## SOURCE DATA:
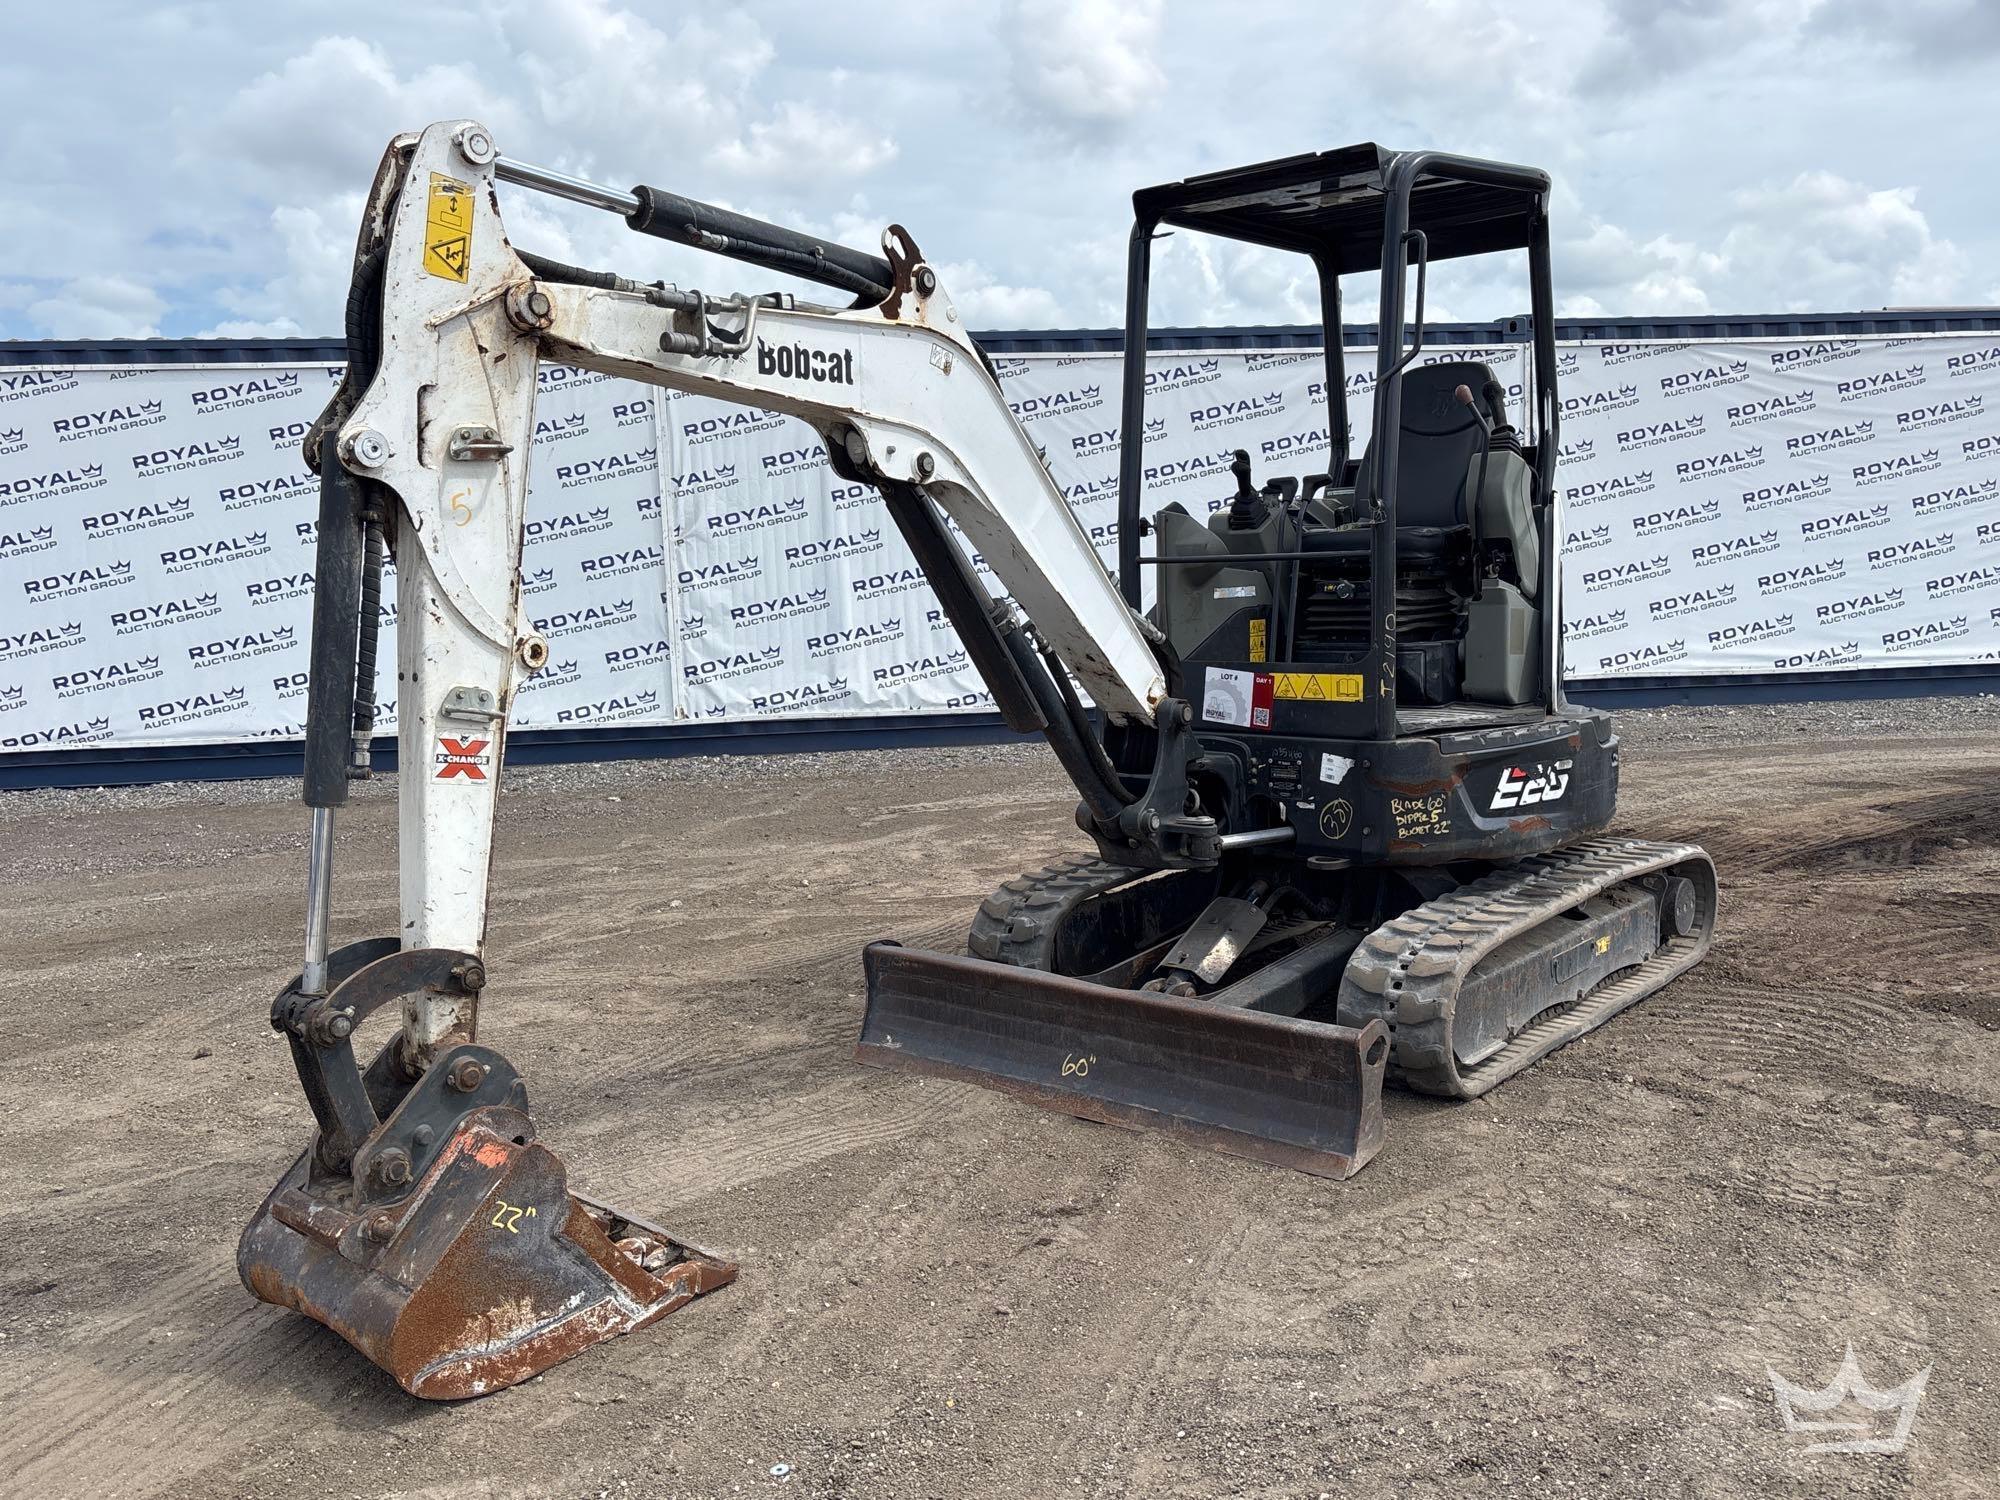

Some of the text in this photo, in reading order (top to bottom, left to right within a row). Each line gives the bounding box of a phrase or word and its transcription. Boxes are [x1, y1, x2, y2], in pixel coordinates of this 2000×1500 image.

[757, 336, 854, 385] Bobcat
[1660, 366, 1730, 390] ROYAL
[1663, 374, 1750, 398] AUCTION GROUP
[1837, 370, 1907, 395] ROYAL
[1840, 378, 1926, 403] AUCTION GROUP
[191, 379, 278, 406] ROYAL
[196, 388, 302, 415] AUCTION GROUP
[1602, 398, 1639, 412] GROUP
[1062, 399, 1103, 414] GROUP
[1190, 398, 1264, 423] ROYAL
[1193, 406, 1285, 432] AUCTION GROUP
[1726, 396, 1797, 420] ROYAL
[1729, 403, 1816, 428] AUCTION GROUP
[1897, 401, 1965, 425] ROYAL
[52, 406, 141, 434] ROYAL
[58, 415, 166, 443] AUCTION GROUP
[682, 411, 763, 437] ROYAL
[688, 419, 786, 446] AUCTION GROUP
[1616, 420, 1686, 444] ROYAL
[1899, 408, 1984, 433] AUCTION GROUP
[1620, 428, 1706, 453] AUCTION GROUP
[1786, 426, 1856, 450] ROYAL
[1789, 434, 1876, 459] AUCTION GROUP
[132, 442, 219, 469] ROYAL
[137, 451, 244, 479] AUCTION GROUP
[556, 454, 637, 480] ROYAL
[1676, 451, 1745, 475] ROYAL
[1852, 455, 1922, 479] ROYAL
[561, 462, 659, 489] AUCTION GROUP
[1144, 456, 1218, 481] ROYAL
[1147, 473, 1197, 489] AUCTION
[1679, 459, 1765, 484] AUCTION GROUP
[1855, 462, 1941, 487] AUCTION GROUP
[60, 479, 107, 494] GROUP
[1566, 476, 1635, 500] ROYAL
[1569, 484, 1655, 509] AUCTION GROUP
[1742, 480, 1812, 504] ROYAL
[1911, 485, 1980, 509] ROYAL
[1745, 488, 1831, 513] AUCTION GROUP
[1914, 492, 1999, 517] AUCTION GROUP
[81, 504, 169, 531] ROYAL
[87, 512, 194, 540] AUCTION GROUP
[708, 503, 786, 530] ROYAL
[711, 512, 808, 539] AUCTION GROUP
[1632, 505, 1702, 529] ROYAL
[1635, 513, 1721, 538] AUCTION GROUP
[1801, 510, 1871, 535] ROYAL
[1804, 517, 1891, 543] AUCTION GROUP
[159, 538, 246, 565] ROYAL
[165, 546, 271, 575] AUCTION GROUP
[580, 547, 661, 573] ROYAL
[786, 535, 861, 561] ROYAL
[789, 543, 883, 570] AUCTION GROUP
[1691, 536, 1761, 560] ROYAL
[1695, 543, 1780, 568] AUCTION GROUP
[1868, 538, 1936, 563] ROYAL
[1870, 546, 1956, 571] AUCTION GROUP
[23, 567, 110, 595] ROYAL
[585, 564, 640, 582] AUCTION
[719, 570, 762, 585] GROUP
[1582, 561, 1652, 585] ROYAL
[1586, 568, 1671, 593] AUCTION GROUP
[1757, 564, 1827, 588] ROYAL
[1760, 571, 1846, 596] AUCTION GROUP
[29, 575, 136, 604] AUCTION GROUP
[1649, 589, 1717, 614] ROYAL
[110, 599, 197, 627] ROYAL
[732, 594, 808, 621] ROYAL
[734, 602, 830, 629] AUCTION GROUP
[1652, 597, 1737, 622] AUCTION GROUP
[1817, 594, 1885, 618] ROYAL
[1819, 601, 1905, 626] AUCTION GROUP
[116, 607, 222, 636] AUCTION GROUP
[594, 613, 637, 629] GROUP
[1708, 619, 1776, 644] ROYAL
[1882, 621, 1950, 646] ROYAL
[188, 632, 273, 660] ROYAL
[807, 624, 882, 650] ROYAL
[810, 632, 904, 659] AUCTION GROUP
[1711, 626, 1796, 652] AUCTION GROUP
[1885, 628, 1969, 653] AUCTION GROUP
[193, 640, 298, 669] AUCTION GROUP
[684, 652, 762, 679] ROYAL
[52, 662, 138, 690] ROYAL
[687, 660, 784, 688] AUCTION GROUP
[874, 656, 948, 681] ROYAL
[877, 663, 969, 690] AUCTION GROUP
[57, 670, 164, 699] AUCTION GROUP
[751, 684, 829, 710] ROYAL
[138, 693, 224, 721] ROYAL
[810, 691, 851, 705] GROUP
[144, 701, 249, 730] AUCTION GROUP
[1206, 709, 1226, 717] ROYAL
[1062, 1053, 1097, 1077] 60"
[491, 1200, 537, 1234] 22"

## WHAT YOU SHOULD DO:
Omit pictures and output the listing exactly.

## ANSWER SECTION:
Some of the text in this photo, in reading order (top to bottom, left to right within a row). Each line gives the bounding box of a phrase or word and its transcription. Boxes are [x1, y1, x2, y2], in pixel coordinates of this 2000×1500 image.

[757, 336, 854, 385] Bobcat
[1660, 366, 1730, 390] ROYAL
[1663, 374, 1750, 398] AUCTION GROUP
[1837, 370, 1907, 395] ROYAL
[1840, 378, 1926, 403] AUCTION GROUP
[191, 379, 278, 406] ROYAL
[196, 388, 302, 415] AUCTION GROUP
[1602, 398, 1639, 412] GROUP
[1062, 399, 1103, 414] GROUP
[1190, 398, 1264, 423] ROYAL
[1193, 406, 1285, 432] AUCTION GROUP
[1726, 396, 1797, 420] ROYAL
[1729, 403, 1816, 428] AUCTION GROUP
[1897, 401, 1965, 425] ROYAL
[52, 406, 141, 434] ROYAL
[58, 415, 166, 443] AUCTION GROUP
[682, 411, 763, 437] ROYAL
[688, 419, 786, 446] AUCTION GROUP
[1616, 420, 1686, 444] ROYAL
[1899, 408, 1984, 433] AUCTION GROUP
[1620, 428, 1706, 453] AUCTION GROUP
[1786, 426, 1856, 450] ROYAL
[1789, 434, 1876, 459] AUCTION GROUP
[132, 442, 219, 469] ROYAL
[137, 451, 244, 479] AUCTION GROUP
[556, 454, 637, 480] ROYAL
[1676, 451, 1745, 475] ROYAL
[1852, 455, 1922, 479] ROYAL
[561, 462, 659, 489] AUCTION GROUP
[1144, 456, 1218, 481] ROYAL
[1147, 473, 1197, 489] AUCTION
[1679, 459, 1765, 484] AUCTION GROUP
[1855, 462, 1941, 487] AUCTION GROUP
[60, 479, 107, 494] GROUP
[1566, 476, 1635, 500] ROYAL
[1569, 484, 1655, 509] AUCTION GROUP
[1742, 480, 1812, 504] ROYAL
[1911, 485, 1980, 509] ROYAL
[1745, 488, 1831, 513] AUCTION GROUP
[1914, 492, 1999, 517] AUCTION GROUP
[81, 504, 169, 531] ROYAL
[87, 512, 194, 540] AUCTION GROUP
[708, 503, 786, 530] ROYAL
[711, 512, 808, 539] AUCTION GROUP
[1632, 505, 1702, 529] ROYAL
[1635, 513, 1721, 538] AUCTION GROUP
[1801, 510, 1871, 535] ROYAL
[1804, 517, 1891, 543] AUCTION GROUP
[159, 538, 246, 565] ROYAL
[165, 546, 271, 575] AUCTION GROUP
[580, 547, 661, 573] ROYAL
[786, 535, 861, 561] ROYAL
[789, 543, 883, 570] AUCTION GROUP
[1691, 536, 1761, 560] ROYAL
[1695, 543, 1780, 568] AUCTION GROUP
[1868, 538, 1936, 563] ROYAL
[1870, 546, 1956, 571] AUCTION GROUP
[23, 567, 110, 595] ROYAL
[585, 564, 640, 582] AUCTION
[719, 570, 762, 585] GROUP
[1582, 561, 1652, 585] ROYAL
[1586, 568, 1671, 593] AUCTION GROUP
[1757, 564, 1827, 588] ROYAL
[1760, 571, 1846, 596] AUCTION GROUP
[29, 575, 136, 604] AUCTION GROUP
[1649, 589, 1717, 614] ROYAL
[110, 599, 197, 627] ROYAL
[732, 594, 808, 621] ROYAL
[734, 602, 830, 629] AUCTION GROUP
[1652, 597, 1737, 622] AUCTION GROUP
[1817, 594, 1885, 618] ROYAL
[1819, 601, 1905, 626] AUCTION GROUP
[116, 607, 222, 636] AUCTION GROUP
[594, 613, 637, 629] GROUP
[1708, 619, 1776, 644] ROYAL
[1882, 621, 1950, 646] ROYAL
[188, 632, 273, 660] ROYAL
[807, 624, 882, 650] ROYAL
[810, 632, 904, 659] AUCTION GROUP
[1711, 626, 1796, 652] AUCTION GROUP
[1885, 628, 1969, 653] AUCTION GROUP
[193, 640, 298, 669] AUCTION GROUP
[684, 652, 762, 679] ROYAL
[52, 662, 138, 690] ROYAL
[687, 660, 784, 688] AUCTION GROUP
[874, 656, 948, 681] ROYAL
[877, 663, 969, 690] AUCTION GROUP
[57, 670, 164, 699] AUCTION GROUP
[751, 684, 829, 710] ROYAL
[138, 693, 224, 721] ROYAL
[810, 691, 851, 705] GROUP
[144, 701, 249, 730] AUCTION GROUP
[1206, 709, 1226, 717] ROYAL
[1062, 1053, 1097, 1077] 60"
[491, 1200, 537, 1234] 22"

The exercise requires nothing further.